First of all, if you are buying and selling like the YOLOers of Reddit (in the story at the bottom of this post), it is clearly gambling. You are just buying and selling pieces of a company, hoping that another person buys it from you at a higher price, and with no concern to what the actual business does or its financial health. While it’s interesting to read about this, this is not investing. It’s speculating, which is a fancy word for gambling. It’s based on the greater fool theory…you need more fools who are willing to buy a company at a higher price than you. The housing market boom of 2005 was predicated on such madness. So, in this case, the hyperbole by the amateur in finance is accurate.
If you, however, evaluate a company’s business, it’s management, it’s competitive moat, and then finally come to the numbers…to the sales, margins, earnings, balance sheet, income statement, sales and earnings growth, and then finally the stock price, EPS, Price to Book…only then are you actually investing. You are invested in the company doing well over the long term.

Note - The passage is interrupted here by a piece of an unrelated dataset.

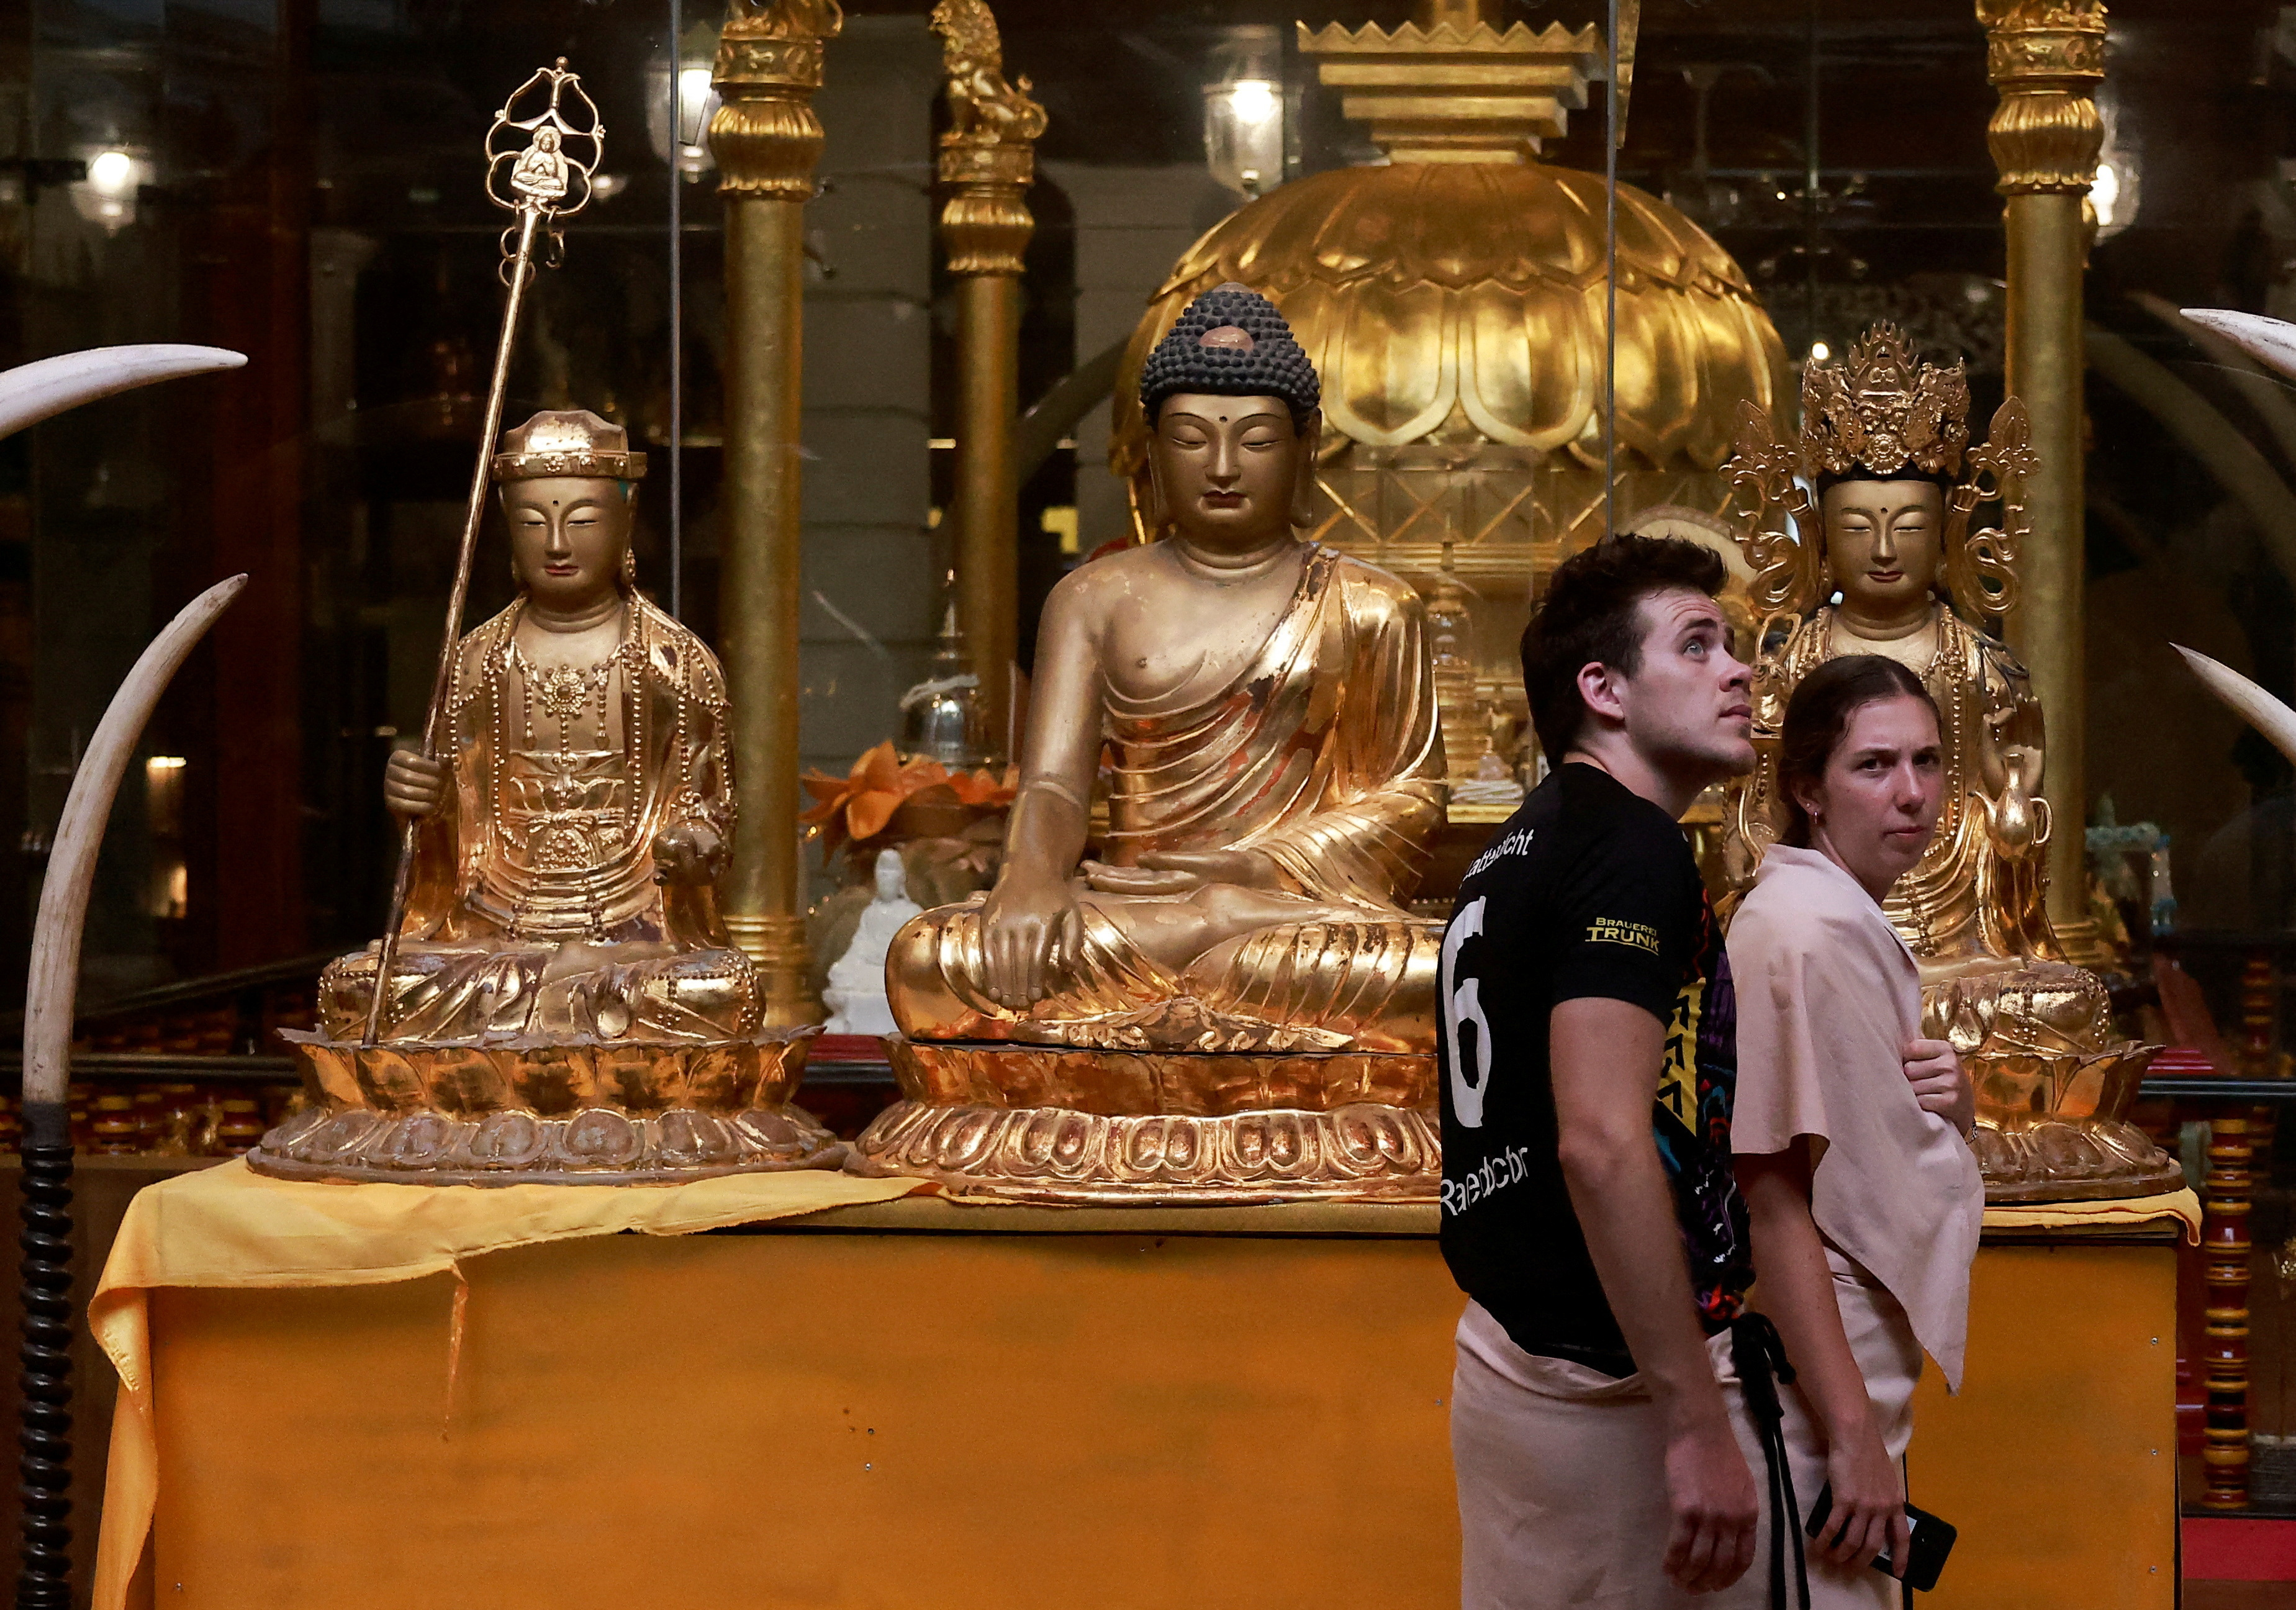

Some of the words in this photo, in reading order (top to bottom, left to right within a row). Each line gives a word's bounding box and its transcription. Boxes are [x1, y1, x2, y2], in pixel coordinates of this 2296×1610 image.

You should only buy a company as if the stock market was open today, and would not be open for another year. You’ll think differently than most stock investors, hedge fund and mutual fund managers, and certainly than these YOLOrs. Imagine being stuck with a bad stock for 2 years…you’ll avoid the losers, and ask yourself, “will this company continue selling this product successfully, or have more innovative products”?
Here’s a good rule to follow…sure, there are people who get rich fast. But the path of “fast” is littered with broke and despondent corpses along the way. Get rich slow…there are fewer casualties along the way, and a lot less gray hair.